There were two pregnant women who asked for permission to go to the
bathroom. They told me that some guards abused the women there. There
were two types of prisoners, the legal prisoners and the illegal. One
illegal prisoner, Guillermo López, who was a medical student living in
the western part of the capital, was taken out one morning when a large
group of us was being transferred to Villa Devoto, but he never got
there. Some people had been imprisoned for 80 days, and somebody said
that they used to take people out in order to kill them. One man even
told me that the night before they found 30 corpses in Pilar, they had
taken 30 prisoners out of Coordinación Federal. I
wasn't kept for very long in Villa Devoto, more or less a week, and then
I was transferred to La Plata (Unit 9).
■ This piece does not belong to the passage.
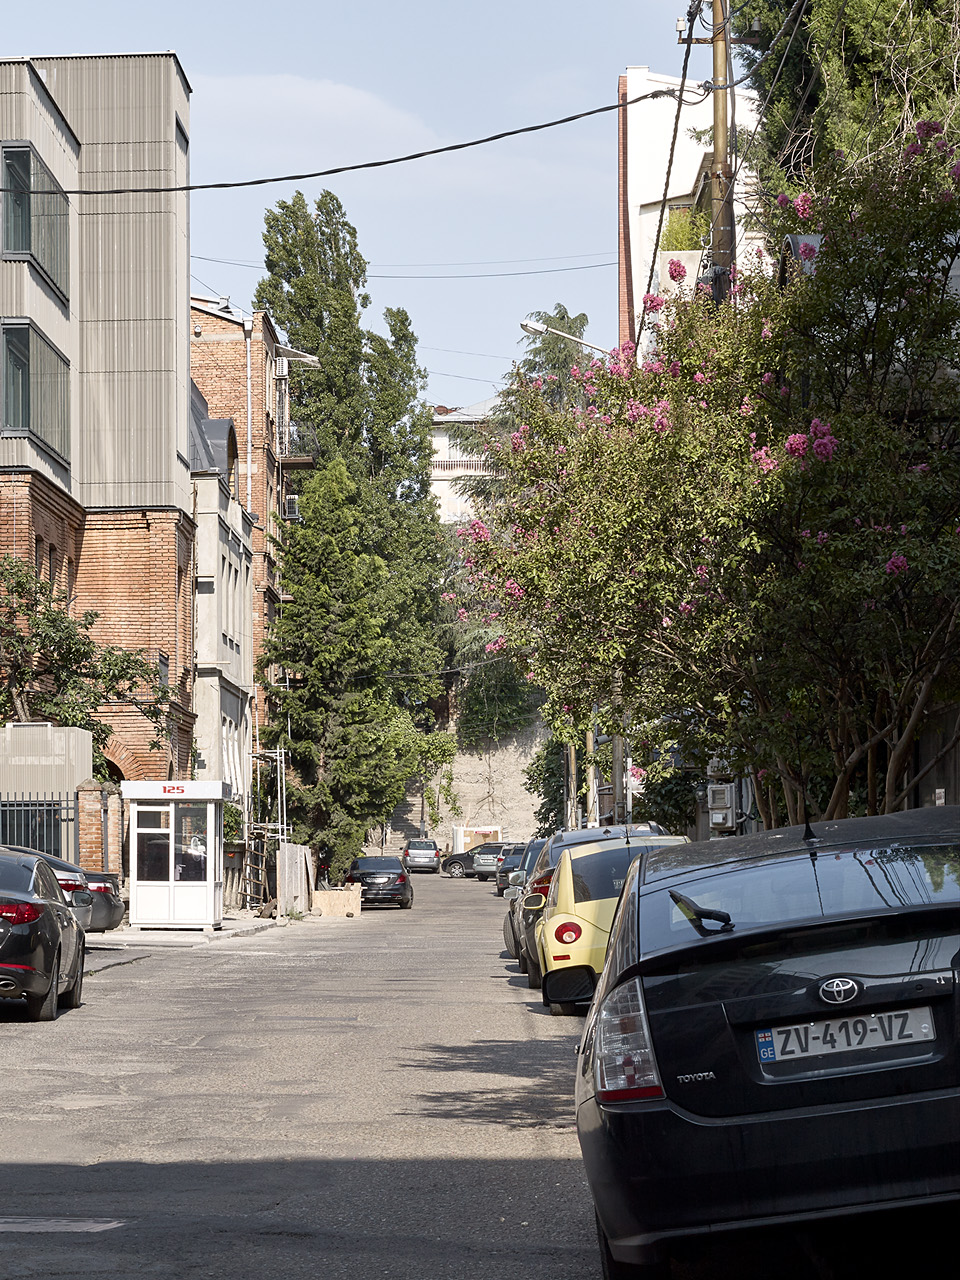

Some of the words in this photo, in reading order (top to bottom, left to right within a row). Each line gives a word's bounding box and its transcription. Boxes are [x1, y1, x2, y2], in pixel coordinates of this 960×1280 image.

[162, 785, 185, 794] 125
[776, 1012, 913, 1057] ZV-419-VZ
[760, 1047, 775, 1059] GE
[676, 1071, 717, 1084] TOYOTA
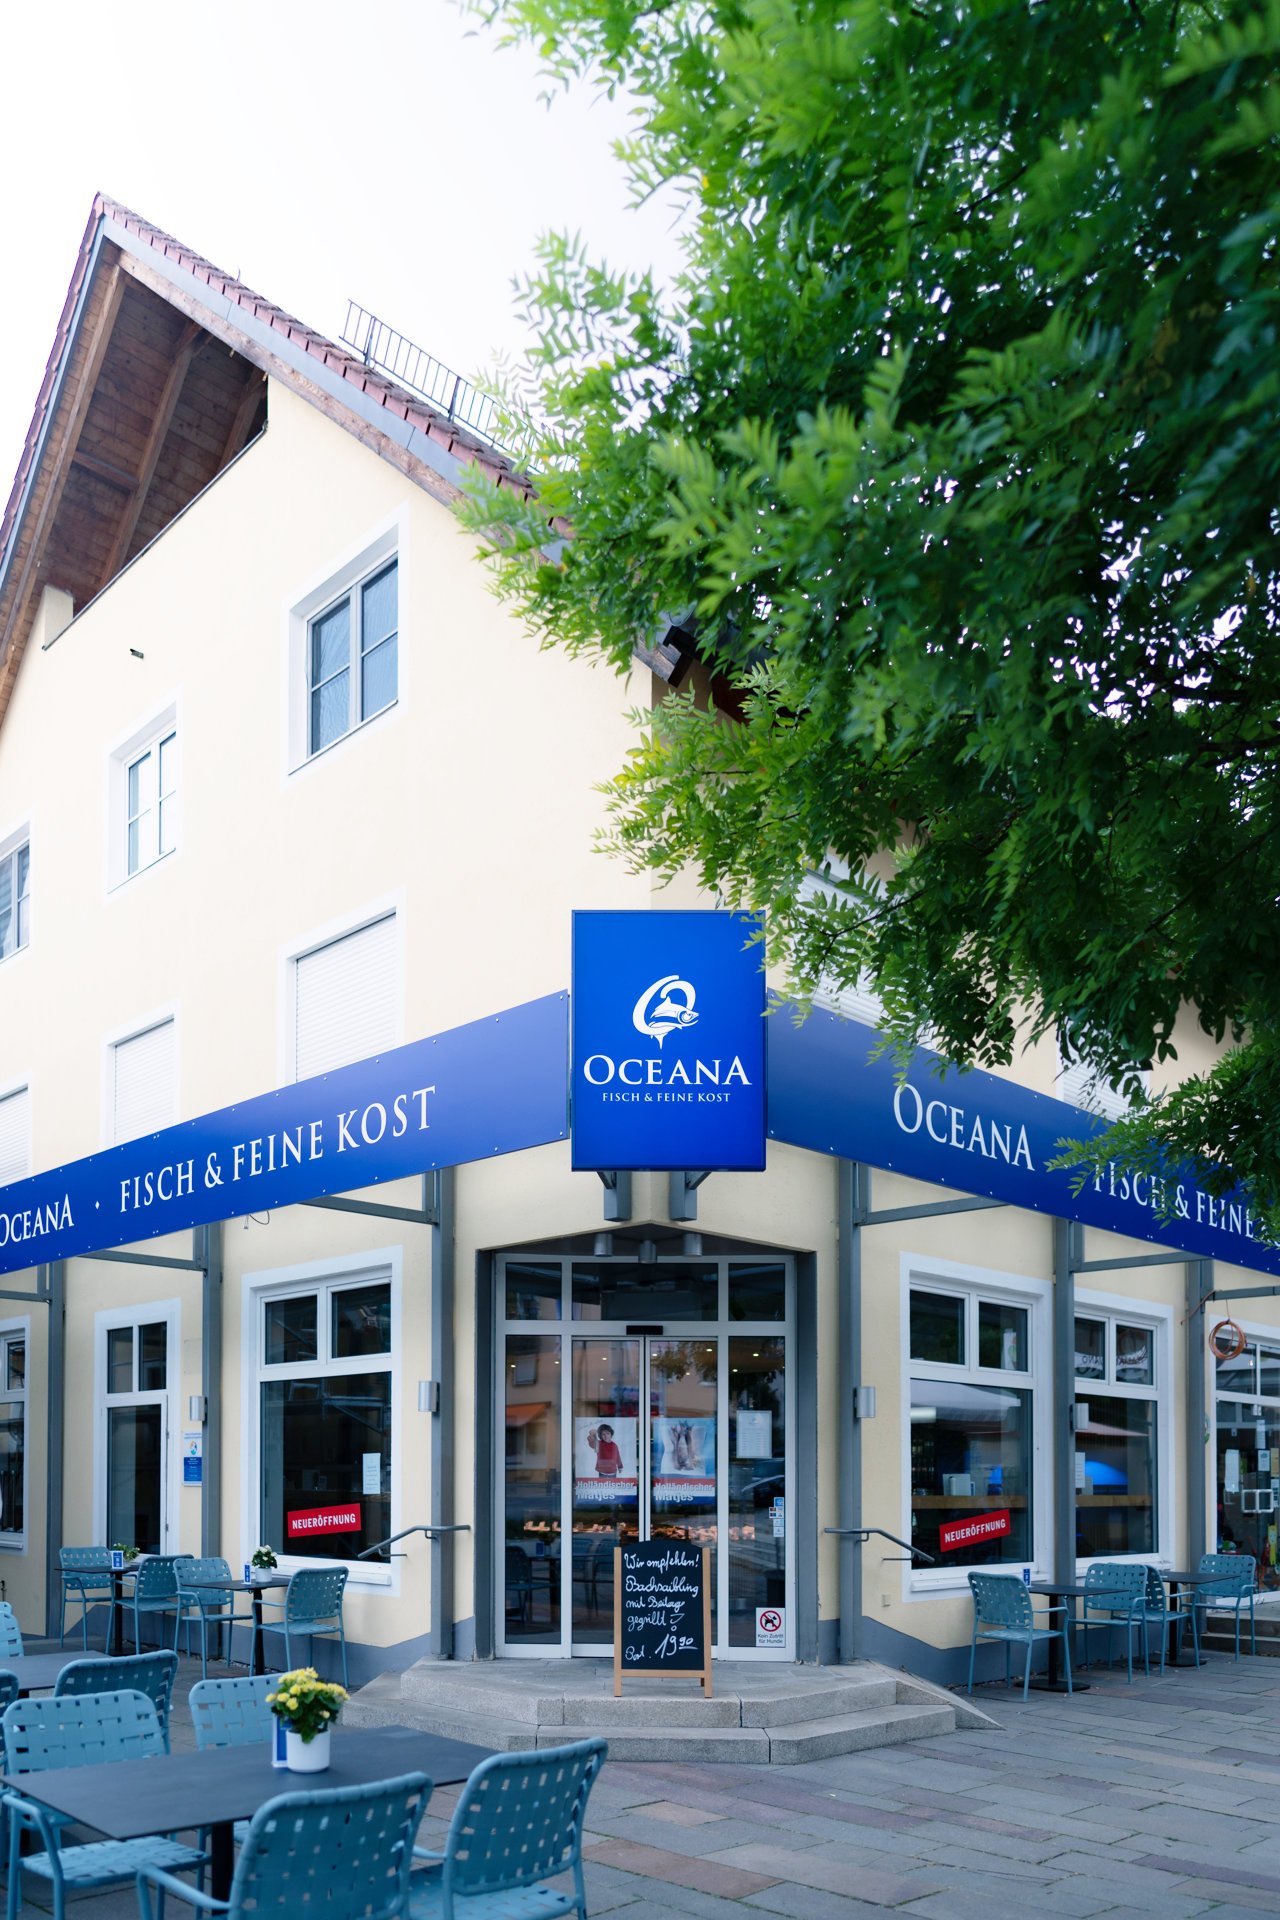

There were 3 prisoners from
Santa Fe (transferred from Coronda, 2 priests, Raúl Troncoso and Rafael
Yacuzzi and another men, Osvaldo Cambiasso), who had been so badly
beaten that they were refused entry to La Plata. Cambiasso in particular
had been beaten all over his body. Just
as in Villa Devoto, in La Plata they did many things to prisoners to
humiliate them and to punish them. The so-called punishment system
(which was very hard in La Plata, with cold baths, beatings with rubber,
etc.), and the inspection system was particularly humiliating in Villa
Devoto. As a priest, I was denied, or it was made practically impossible
for me to have access to the Bible or religious books, although in La
Plata there was a good chaplaincy organized by the prison. In all the
prisons, I was checked out by doctors when I entered. Particularly in
Villa Devoto, they saw all my wounds, but seemed not at all surprised by
the use of electricity. It appeared to be a routine matter. Although
I had a number of serious wounds, particularly one on my foot, they have
me no medical attention for a whole month. The food in Devoto was very
bad and very greasy. In La Plata, it was much better and was adequate. On
December 3, they took me out of the prison, by car, to the train
station. I was accompanied by two policemen to Constitution Station.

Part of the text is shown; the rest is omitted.